| Exercise description |
What you return must be the full listing, word for word, with no images in it.

| Data extract |
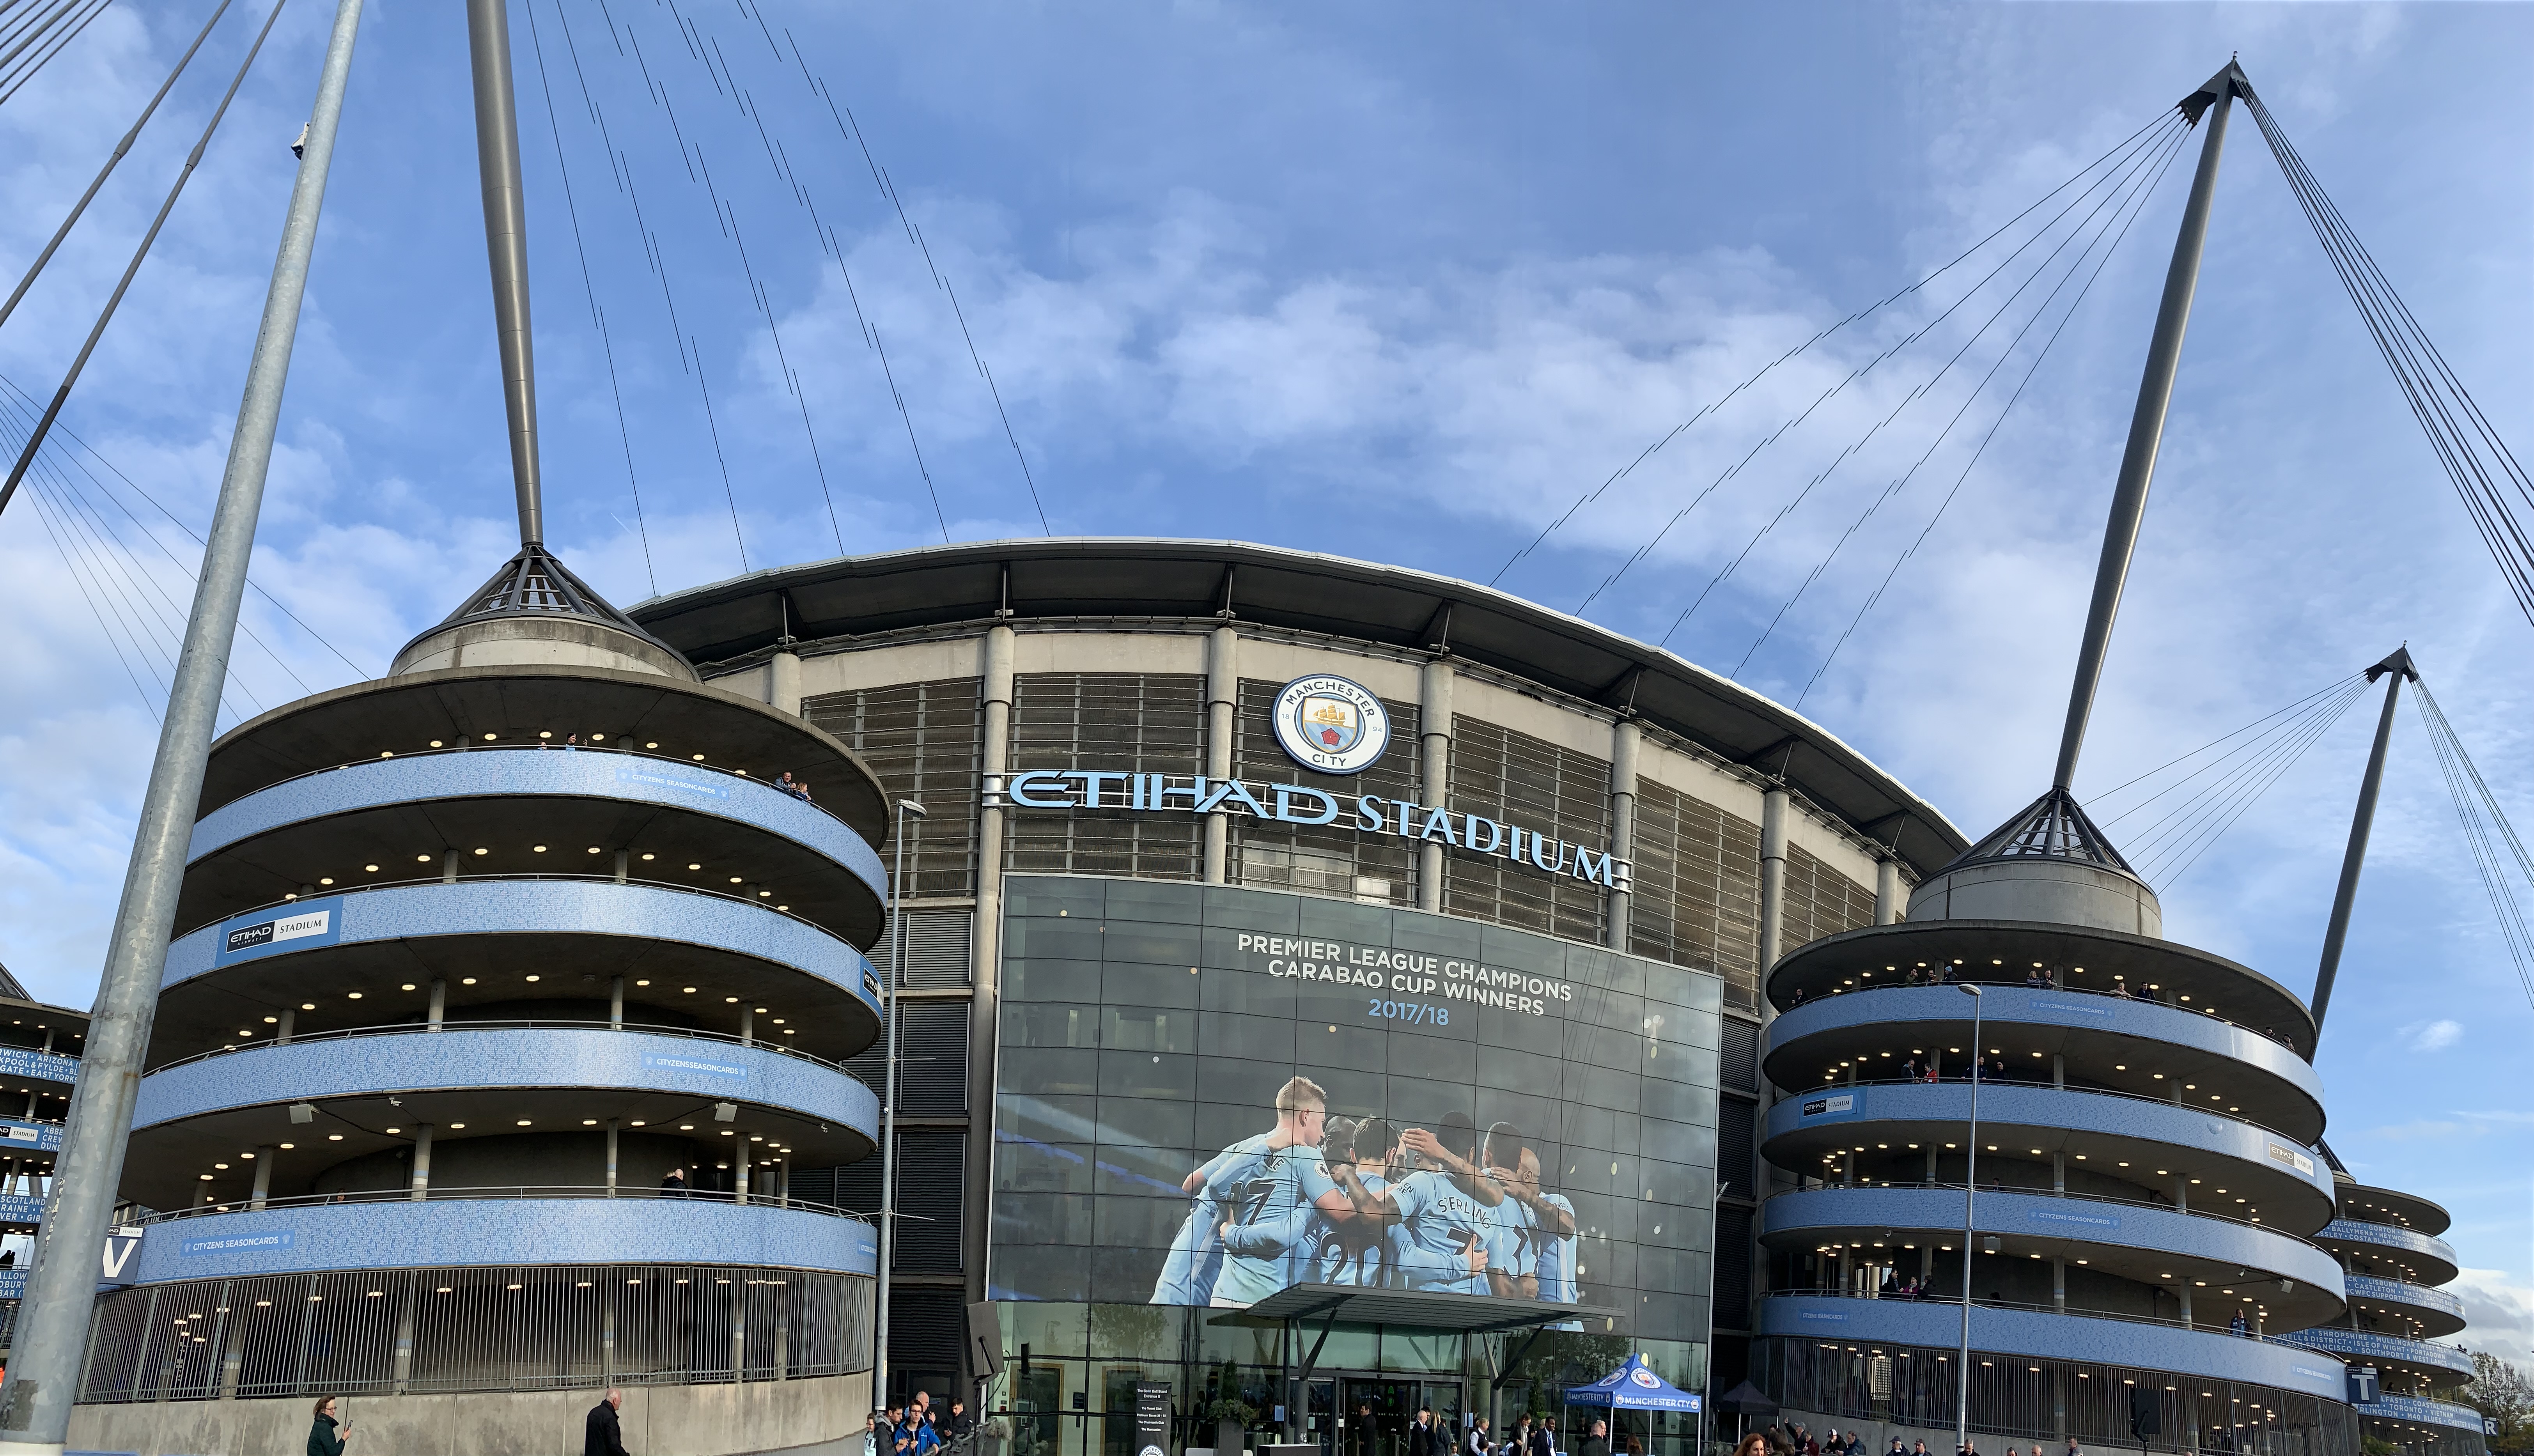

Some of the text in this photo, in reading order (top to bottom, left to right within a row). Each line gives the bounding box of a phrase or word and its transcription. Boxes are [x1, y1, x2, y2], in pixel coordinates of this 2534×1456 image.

[1285, 681, 1375, 717] MANCHESTER
[1312, 754, 1347, 767] CITY
[632, 774, 665, 785] CITYZENS
[1008, 771, 1613, 888] ETIHAD STADIUM
[230, 919, 322, 943] ETIHAD STADIUM
[1238, 933, 1572, 1002] PREMIER LEAGUE CHAMPIONS
[865, 974, 877, 990] ETIHAD
[1268, 959, 1544, 1016] CARABAO CUP WINNERS
[1368, 999, 1450, 1026] 2017/18
[2066, 1005, 2105, 1015] SEASONCARDS
[37, 1055, 73, 1067] ARIZONA
[38, 1063, 64, 1072] FYLDE
[0, 1065, 24, 1074] GATE
[31, 1069, 53, 1079] EAST
[1805, 1102, 1825, 1111] ETIHAD
[2271, 1147, 2293, 1160] ETIHAD
[2297, 1158, 2312, 1171] STADIUM
[0, 1204, 28, 1213] RAINE
[1, 1196, 46, 1206] SCOTLAND
[1437, 1196, 1492, 1229] STERLING
[2068, 1216, 2110, 1225] SEASONCARDS
[2332, 1226, 2374, 1236] BALLYMENA
[2379, 1233, 2410, 1242] HEYWOOD
[2414, 1240, 2429, 1248] BASEL
[2369, 1225, 2396, 1234] GORTON
[2402, 1231, 2428, 1242] ADELAIDE
[193, 1236, 278, 1251] CITYZENS SEASONCARDS
[2349, 1234, 2372, 1242] COSTA
[2373, 1237, 2399, 1247] BLANCA
[2404, 1243, 2427, 1252] GILFORD
[103, 1237, 138, 1278] V
[2354, 1283, 2395, 1294] CASTLETON
[2424, 1295, 2444, 1304] (CACTUS
[2368, 1279, 2397, 1288] LISBURN
[2401, 1284, 2433, 1295] (NORTHERN
[2372, 1291, 2413, 1303] SUPPORTERS
[2318, 1330, 2367, 1341] SHROPSHIRE
[2376, 1337, 2415, 1347] MULLINGAR
[2311, 1336, 2346, 1345] DISTRICT
[2410, 1348, 2445, 1360] PORTADOWN
[2361, 1348, 2404, 1359] SOUTHPORT
[2351, 1375, 2375, 1401] T
[1625, 1397, 1676, 1407] MANCHESTER
[2413, 1400, 2440, 1410] COASTAL
[2441, 1405, 2458, 1413] KIPPAX
[2358, 1407, 2398, 1417] RLINGTON
[2423, 1415, 2442, 1423] BLUES
[2448, 1419, 2467, 1428] CHESTER
[2389, 1404, 2422, 1413] TORONTO
[2430, 1409, 2454, 1418] VIETNAM
[2484, 1421, 2497, 1435] R
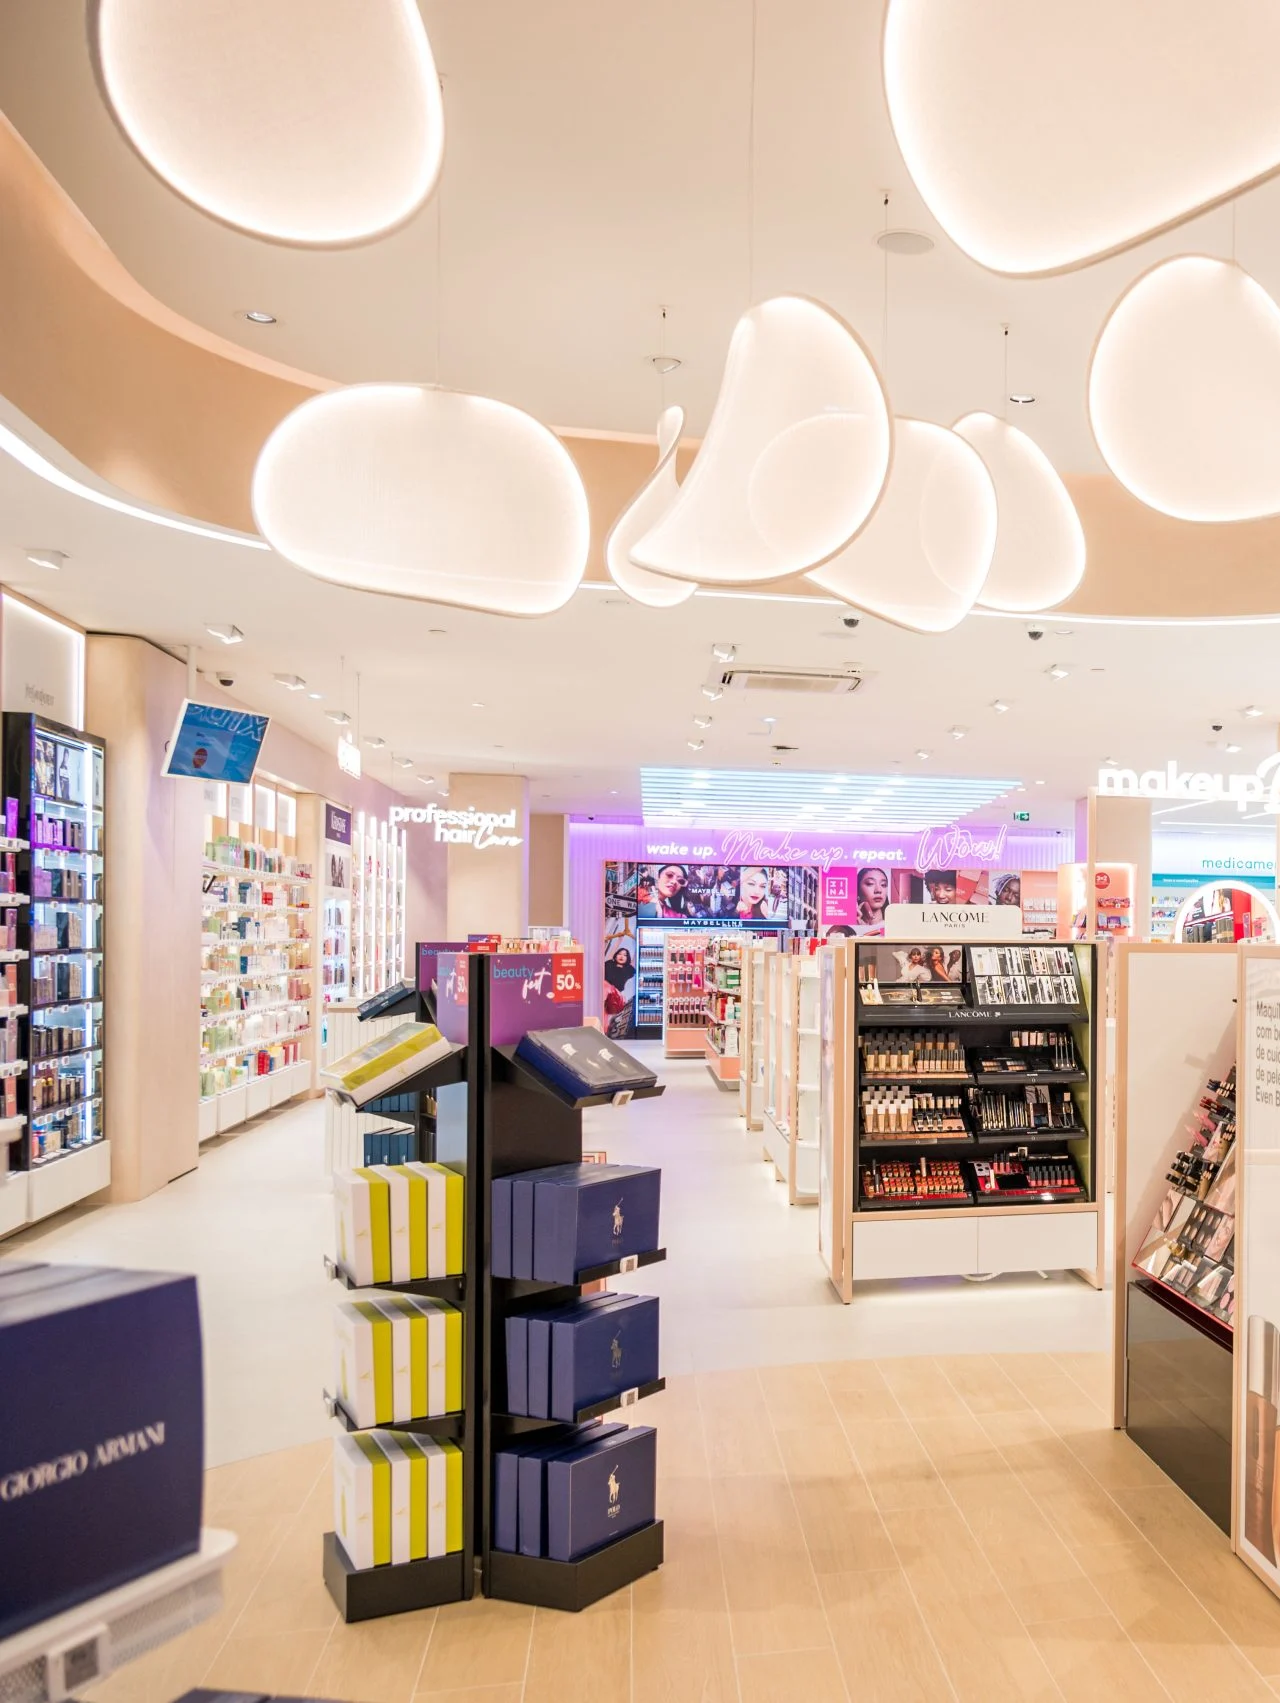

| Result of this task |
Some of the text in this photo, in reading order (top to bottom, left to right within a row). Each line gives the bounding box of a phrase or word and its transcription. Boxes are [x1, y1, x2, y2], in pixel coordinates of this 2534×1456 image.

[1285, 681, 1375, 717] MANCHESTER
[1312, 754, 1347, 767] CITY
[632, 774, 665, 785] CITYZENS
[1008, 771, 1613, 888] ETIHAD STADIUM
[230, 919, 322, 943] ETIHAD STADIUM
[1238, 933, 1572, 1002] PREMIER LEAGUE CHAMPIONS
[865, 974, 877, 990] ETIHAD
[1268, 959, 1544, 1016] CARABAO CUP WINNERS
[1368, 999, 1450, 1026] 2017/18
[2066, 1005, 2105, 1015] SEASONCARDS
[37, 1055, 73, 1067] ARIZONA
[38, 1063, 64, 1072] FYLDE
[0, 1065, 24, 1074] GATE
[31, 1069, 53, 1079] EAST
[1805, 1102, 1825, 1111] ETIHAD
[2271, 1147, 2293, 1160] ETIHAD
[2297, 1158, 2312, 1171] STADIUM
[0, 1204, 28, 1213] RAINE
[1, 1196, 46, 1206] SCOTLAND
[1437, 1196, 1492, 1229] STERLING
[2068, 1216, 2110, 1225] SEASONCARDS
[2332, 1226, 2374, 1236] BALLYMENA
[2379, 1233, 2410, 1242] HEYWOOD
[2414, 1240, 2429, 1248] BASEL
[2369, 1225, 2396, 1234] GORTON
[2402, 1231, 2428, 1242] ADELAIDE
[193, 1236, 278, 1251] CITYZENS SEASONCARDS
[2349, 1234, 2372, 1242] COSTA
[2373, 1237, 2399, 1247] BLANCA
[2404, 1243, 2427, 1252] GILFORD
[103, 1237, 138, 1278] V
[2354, 1283, 2395, 1294] CASTLETON
[2424, 1295, 2444, 1304] (CACTUS
[2368, 1279, 2397, 1288] LISBURN
[2401, 1284, 2433, 1295] (NORTHERN
[2372, 1291, 2413, 1303] SUPPORTERS
[2318, 1330, 2367, 1341] SHROPSHIRE
[2376, 1337, 2415, 1347] MULLINGAR
[2311, 1336, 2346, 1345] DISTRICT
[2410, 1348, 2445, 1360] PORTADOWN
[2361, 1348, 2404, 1359] SOUTHPORT
[2351, 1375, 2375, 1401] T
[1625, 1397, 1676, 1407] MANCHESTER
[2413, 1400, 2440, 1410] COASTAL
[2441, 1405, 2458, 1413] KIPPAX
[2358, 1407, 2398, 1417] RLINGTON
[2423, 1415, 2442, 1423] BLUES
[2448, 1419, 2467, 1428] CHESTER
[2389, 1404, 2422, 1413] TORONTO
[2430, 1409, 2454, 1418] VIETNAM
[2484, 1421, 2497, 1435] R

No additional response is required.